Brenthurst Wealth Management founder Magnus Heystek will lead the market insights on Wednesday with the investment strategist explaining his inability to promote cryptocurrencies as an asset class as it is an unregulated market. Netflix hit new all-time highs, as a result of Squid Game’s popularity, the Korean show has been widely debated, with Americans apparently consistently insisting on leading the way from an innovation perspective. China, executive compensation and the takeover of Absa’s investment business by Sanlam round off the conversation. – Justin Rowe-Roberts
Magnus Heystek on cryptocurrencies:
First of all, I can’t. I do not recommend it to my customers. It is not a regulated product. And if it goes up, my business, reputation and probably money goes up. I clearly cannot recommend it as a product. But I like to stir the pot a little. I love these reactions from these converted crypto-coins and I like the debate. I mean, where is the value of a crypto coin? Maybe i’m wrong Maybe I miss it. Maybe it’s on the demand side. Maybe I’m missing something as opposed to an intrinsic value so that we can have a very wide-ranging debate about it – fiat currencies and where does the value come from? And the dollar is in decline and the pound and so on. I like to stir these things up, but I’m not yet convinced that a bitcoin or any other cryptocurrency has intrinsic value as opposed to something like a cow that can be milked or you can slaughter.
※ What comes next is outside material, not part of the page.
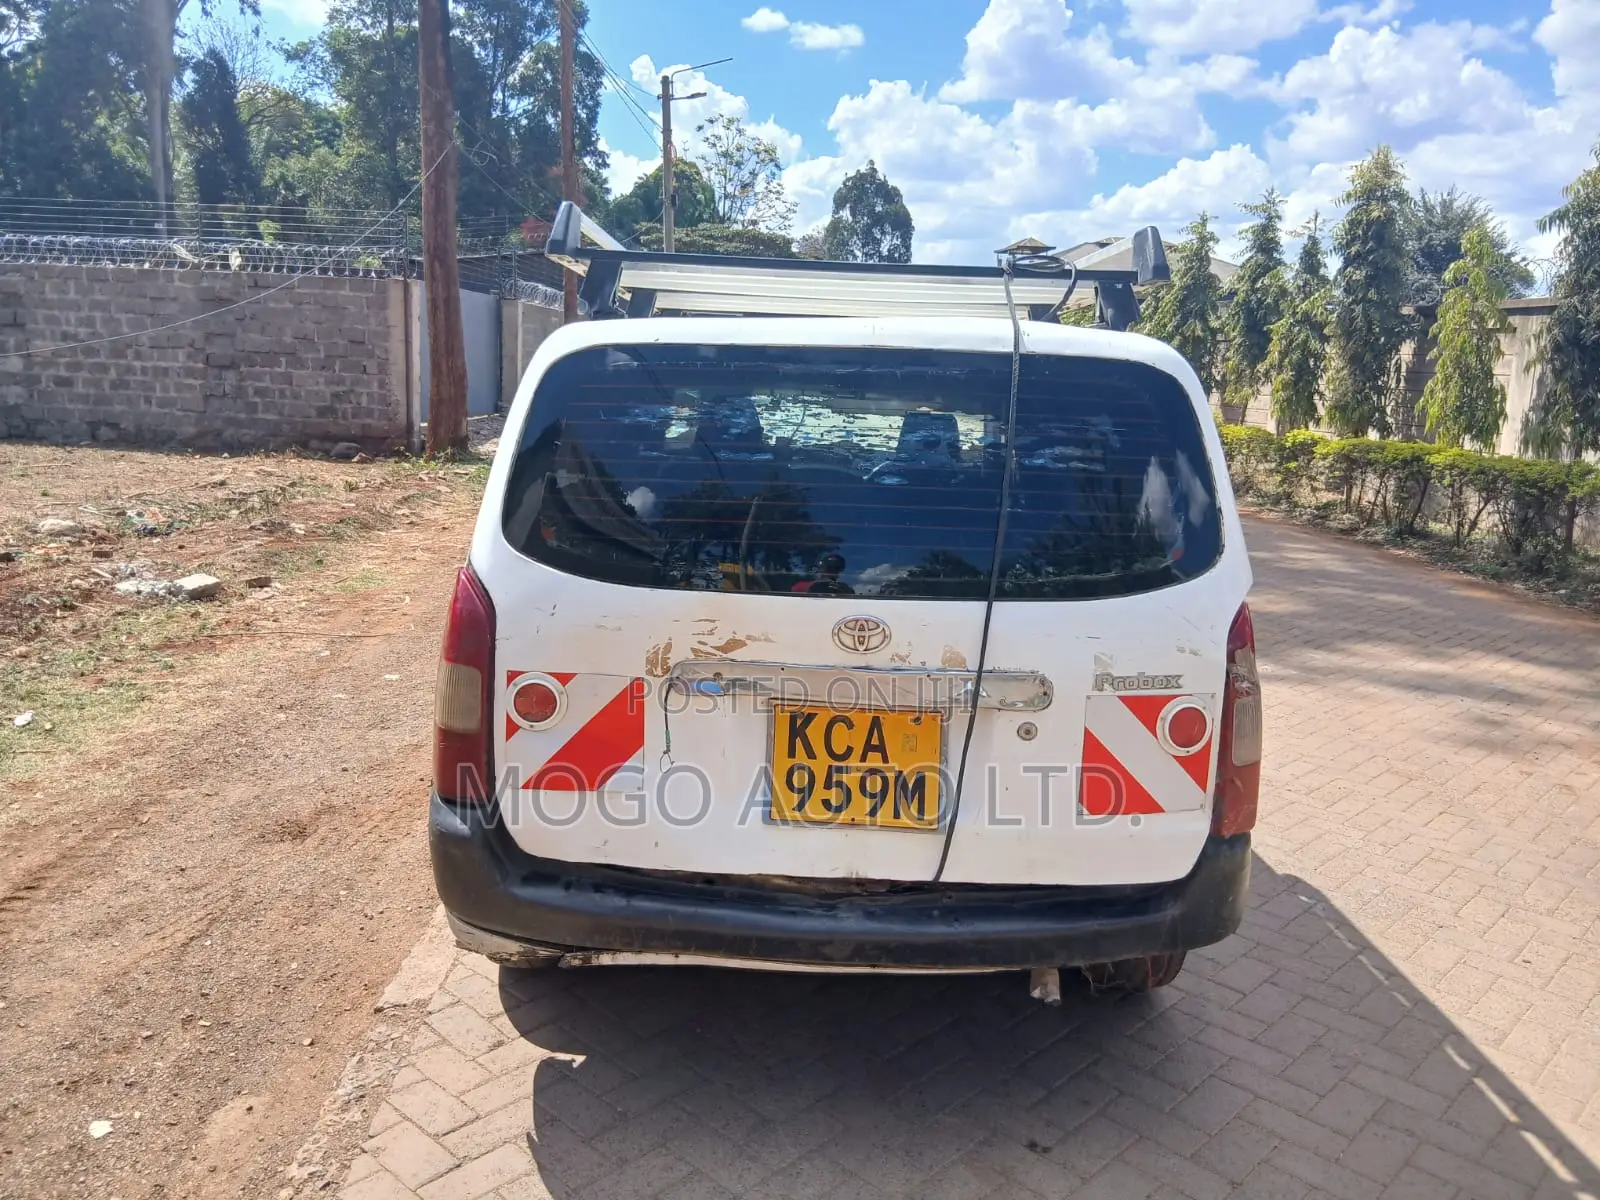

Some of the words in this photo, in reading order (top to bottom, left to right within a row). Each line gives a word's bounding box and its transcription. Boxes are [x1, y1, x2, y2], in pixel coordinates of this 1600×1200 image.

On Netflix’s ability to innovate:
Well, the Netflix story is, of course, a phenomenal story. I’m reading the book on Netflix right now, and it just so happens that the Netflix boss is my neighbor in South Africa. We talked for a long time about the strategy in South Africa and he is not an American. He is a Nigerian, raised in the UK and lives in South Africa. I thought their strategy was just brilliant. What they did – and it made a lot of sense – and I’ve seen a lot of their productions that are set in a specific country, be it Iceland or Norway or even South Africa. Other than being a great story and a great cast. It also brings in the cultural and historical aspects of many countries that attract people from a wider spectrum as opposed to a story based solely on America. So I find it fascinating. I mean, we addicts to Netflix.
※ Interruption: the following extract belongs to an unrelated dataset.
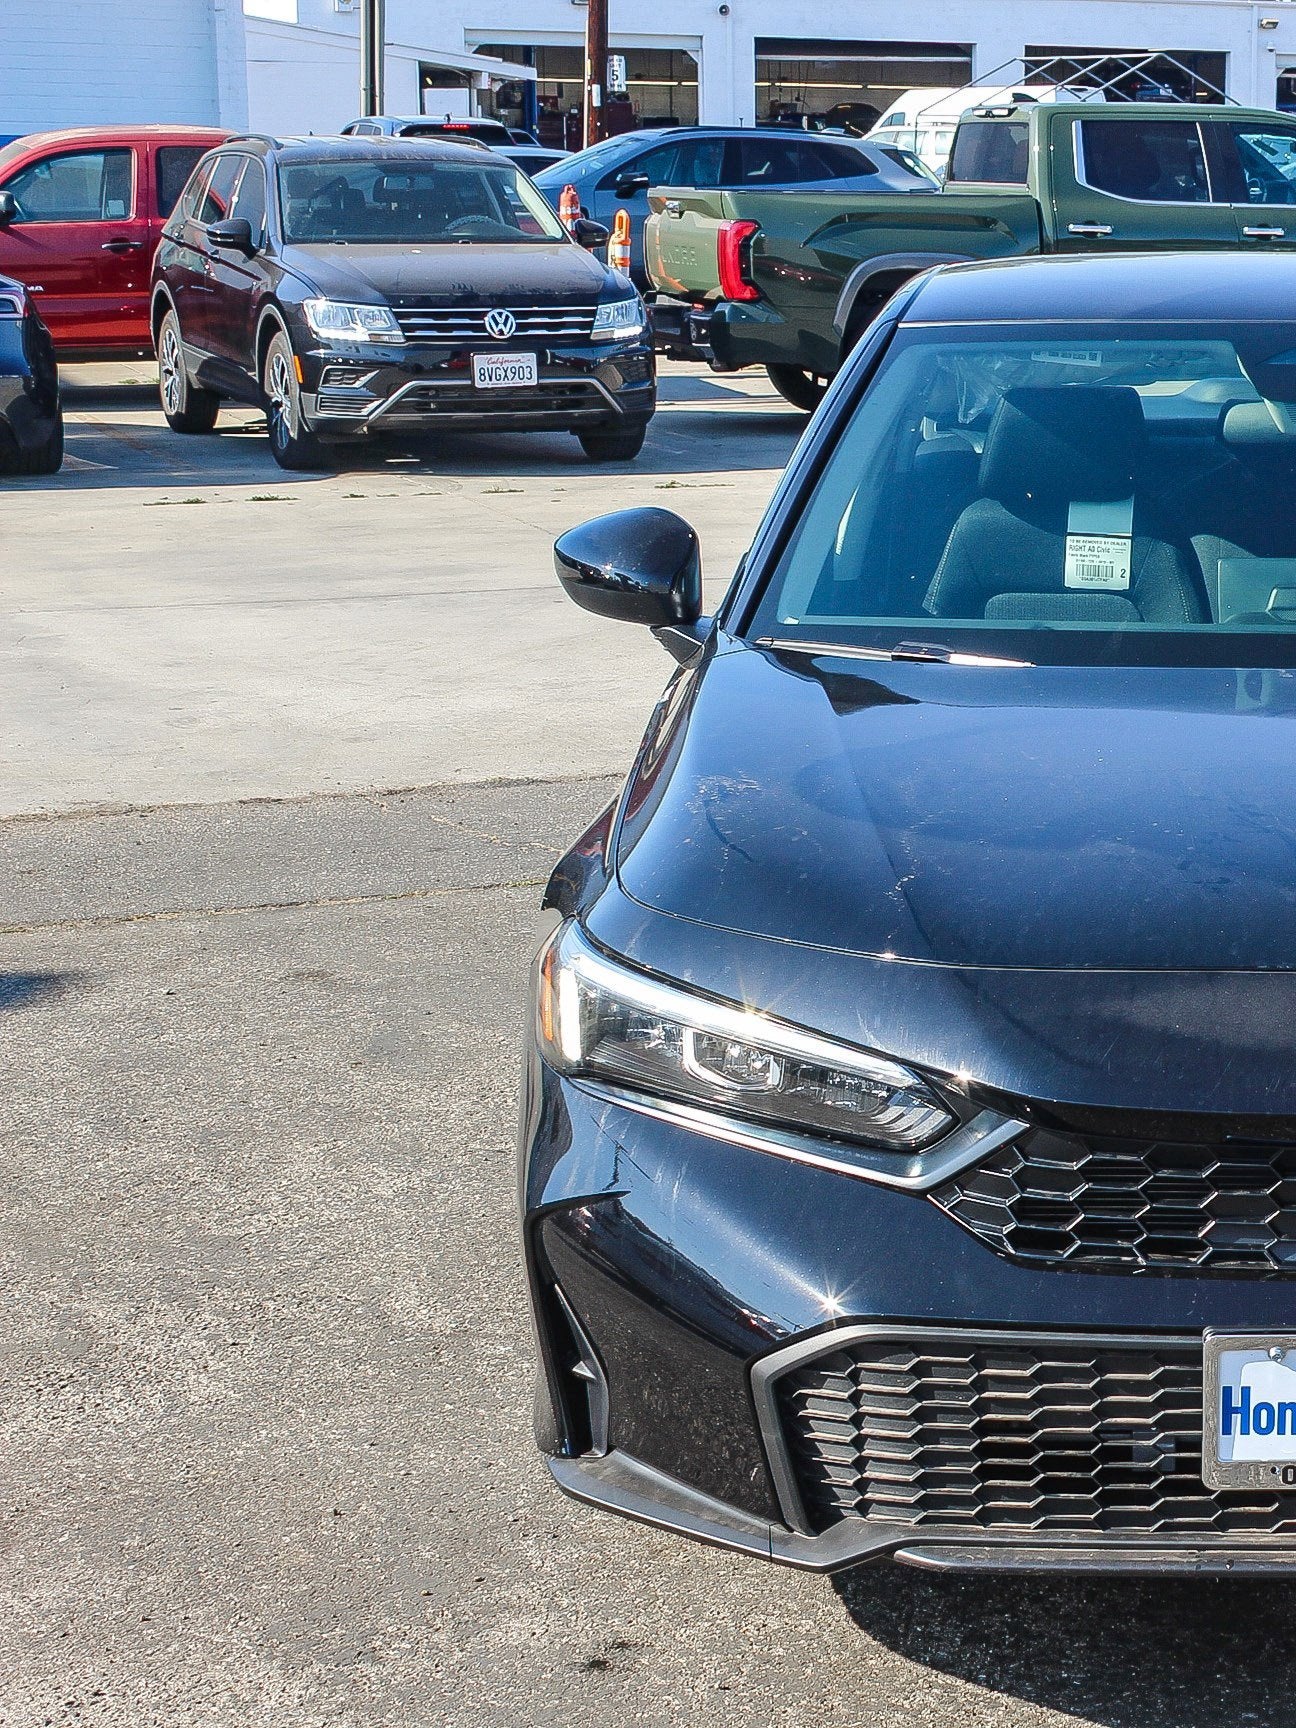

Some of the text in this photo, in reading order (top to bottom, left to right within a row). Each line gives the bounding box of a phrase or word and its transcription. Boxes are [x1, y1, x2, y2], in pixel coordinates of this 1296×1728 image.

[611, 69, 619, 81] 5
[478, 366, 533, 382] 8VGX903
[1069, 544, 1086, 552] RIGHT
[1120, 568, 1127, 579] 2
Regarding the signals from the Chinese government:
We have to try to fully understand it, and I don’t think we are. I’ve read many comments on the matter from American and British commentators who say they are trying to decipher what the Chinese government is trying to do. By and large, the Chinese government does not communicate very well. Or maybe that’s their conscious strategy. I saw this fascinating interview from George Magnus from the China Study – I think it’s at Oxford University – and that was a fascinating interview. Here is an expert who has been studying China for 30 to 40 years. The message that came over is that, as a Westerner, you will struggle to understand what China is trying to do because China thinks differently from the West. Your strategy is different. Their attitudes towards life and problems are different. So you have to put on a Chinese thinking cap to try to understand what is happening in China.